The Olive Conspiracy is very kind to new readers, though, catching them up on who everyone is and the social dynamics of Perach, its friends, and neighbors… who may or may not have friendly intentions. The characterizations are strong and consistent and even if you’re unfamiliar with a major character – like I was, having inadvertently skipped a book where he entered – you’ll get to know and, likely, love everyone very easily thanks to the lively prose and endearing interactions. You’ll also get a sense of Perach (a lush sub-tropical setting, world-built on Jewish culture, in everything from food and festivals to magic systems) and Imbrio (which seems to be Italian… Flavored – ha, you’ll get that joke soon) – and their differences – very well and quickly, thanks to the rich descriptions of the time, place and mood of the kingdoms. Joy and sorrow permeate the settings, as well as the people within them. More than any Mangoverse book so far (maybe more than any book I’ve read lately), emotion is a tangible force at play here, a constant presence that hangs low over everyone and everything, effecting movement and events like weather or the tides.

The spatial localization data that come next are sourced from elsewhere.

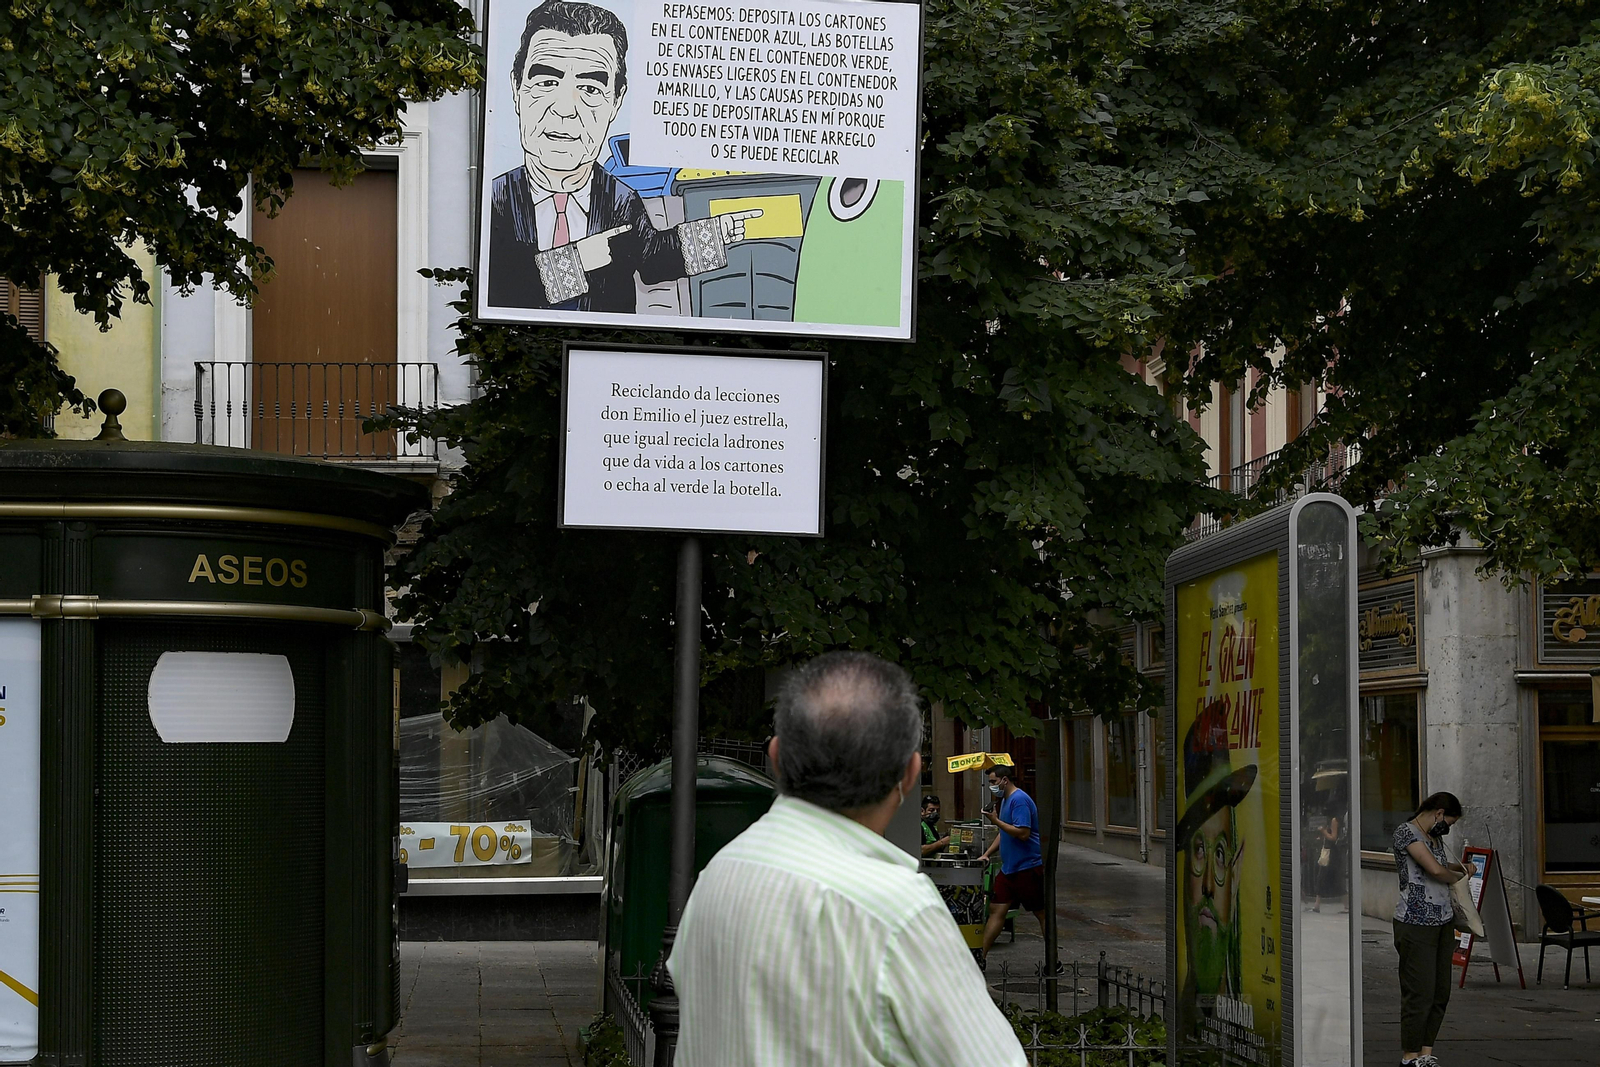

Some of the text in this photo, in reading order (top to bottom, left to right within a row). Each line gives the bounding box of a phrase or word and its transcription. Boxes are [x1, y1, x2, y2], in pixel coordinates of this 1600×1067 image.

[664, 4, 886, 31] REPASEMOS: DEPOSITA LOS CARTONES
[652, 23, 893, 51] EN EL CONTENEDOR AZUL, LAS BOTELLAS
[659, 42, 892, 72] DE CRISTAL EN EL CONTENEDOR VERDE,
[647, 62, 898, 90] LOS ENVASES LIGEROS EN EL CONTENEDOR
[658, 81, 883, 108] AMARILLO, Y LAS CAUSAS PERDIDAS NO
[654, 101, 689, 116] DEJES
[694, 103, 708, 117] DE
[713, 104, 798, 122] DEPOSITARLAS
[802, 110, 817, 124] EN
[839, 112, 885, 130] PORQUE
[664, 121, 875, 147] TODO EN ESTA VIDA TIENE ARREGLO
[711, 144, 839, 165] O SE PUEDE RECICLAR
[612, 383, 779, 403] Reciclando da lecciones
[601, 406, 787, 429] don Emilio el juez estrella,
[604, 431, 784, 450] que igual recicla ladrones
[603, 454, 783, 473] que da vida a los cartones
[604, 477, 781, 496] o echa al verde la botella.
[188, 554, 308, 588] ASEOS
[1198, 618, 1257, 687] EL GRAN
[960, 756, 981, 766] ONCE
[450, 825, 522, 862] 70%
[1217, 995, 1254, 1030] GRANADA

I’m emphasizing *feeling* more than the literal plot events, because they’ve been pretty well covered by other reviews (and the actual synopsis), and atmosphere is where Shira Glassman’s writing shines the most. This, and the absolutely sumptuous descriptions of food – even if you run into something you’re unfamiliar with, I pretty much guarantee you’ll be hungry at some point – gorgeous princess clothes, and a simply amazing garden sequence that borders on dreamlike… even if it quickly deteriorates into an equally intense nightmare. This stark contrast (from the teenage hormone-fueled rush of joy and excitement in a wonderland of flowers and glittering pretty things to the sudden drop into harsh realities of brutal caste systems, casual abuse, and deadly ignorance that can leave memories of the sweetest fruits rotten on the vine) might be the most memorable in the book. The shift is… nauseating. But necessary.

The much happier counterpart to the impact of this devastating injustice and its associated specters – damaging systems, secrets, old shame, new fears, adversity, grief – that hang over the story, are the brighter, warmer presences of the friends and found family who stand around Queen Shulamit as she makes her emotionally vulnerable but determined way. Their interactions, their personalities and their love – for their country and each other – just ring true. And very real. They feel like friends, and eventually family. To each other and the reader.

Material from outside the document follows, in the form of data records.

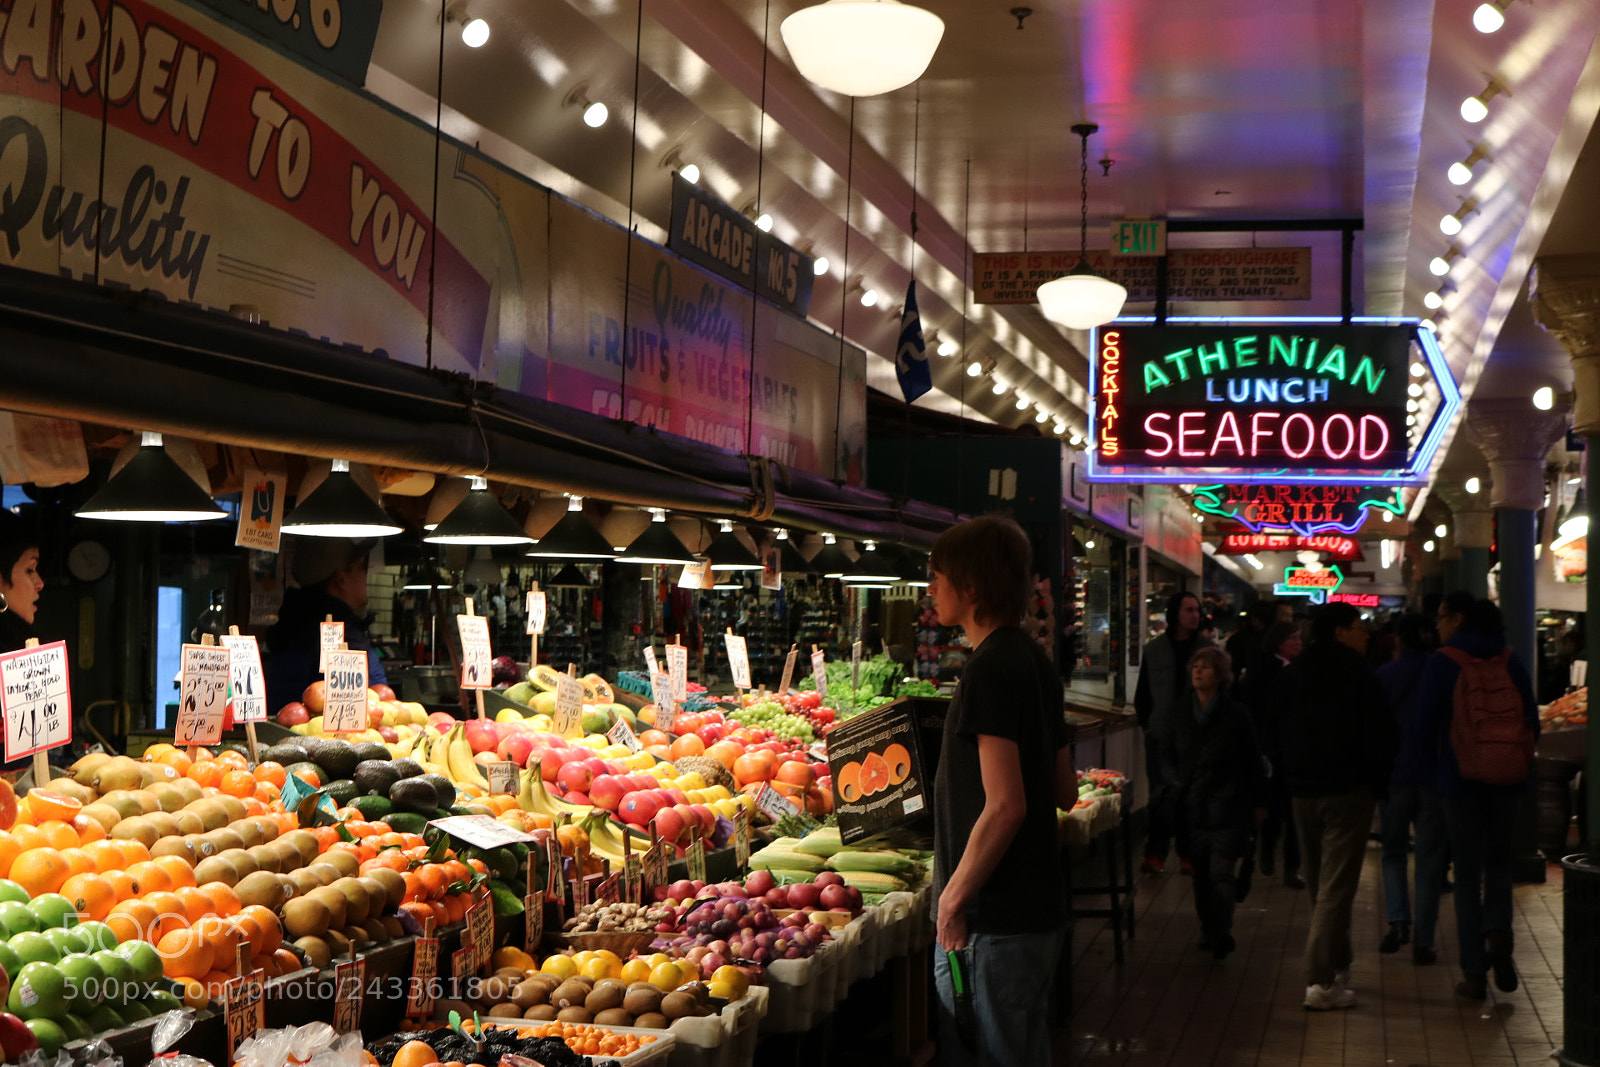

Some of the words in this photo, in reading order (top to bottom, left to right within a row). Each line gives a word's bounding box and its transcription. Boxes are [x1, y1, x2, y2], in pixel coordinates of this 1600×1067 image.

[0, 0, 219, 147] ARDEN
[247, 86, 313, 202] TO
[349, 161, 427, 293] YOU
[0, 115, 212, 301] Quality
[681, 197, 754, 276] ARCADE
[1120, 222, 1158, 253] EXIT
[983, 256, 1018, 269] THIS
[1028, 256, 1042, 269] IS
[1092, 255, 1106, 268] A
[1113, 256, 1176, 267] PUBLC
[1182, 252, 1300, 267] THOROUGHFARE
[984, 271, 992, 279] IT
[999, 270, 1009, 280] IS
[1016, 270, 1024, 279] A
[1123, 268, 1186, 278] RESEVED
[1192, 268, 1214, 277] FOR
[1219, 267, 1238, 276] THE
[1242, 266, 1296, 276] PATRONS
[981, 281, 995, 290] OF
[999, 280, 1017, 289] THE
[652, 258, 733, 364] Quality
[588, 310, 671, 384] FRUITS
[1142, 334, 1388, 395] ATHENIAN
[1101, 331, 1121, 457] COCKTAILS
[1205, 377, 1330, 404] LUNCH
[1142, 410, 1391, 462] SEAFOOD
[1225, 484, 1361, 504] MARKET
[1243, 502, 1344, 524] GRILL
[1286, 576, 1339, 587] GROCERY
[330, 670, 364, 690] SUMO

I keep trying to think of a better way to put it, and I keep coming back to ‘warm.’ Reading the books of the Mangoverse feels ‘warm.’ It feels like coming home, even if Perach in no way resembles anywhere you’ve ever been. It feels like a place you would like to call home. More than that, it feels like a place that might let you. In this increasingly frightening world, this is a very important thing indeed. If you have need of a place like this (and I know a lot of readers do, particularly young LGBTQA and otherwise marginalized readers) I highly recommend giving the Mangoverse series a try.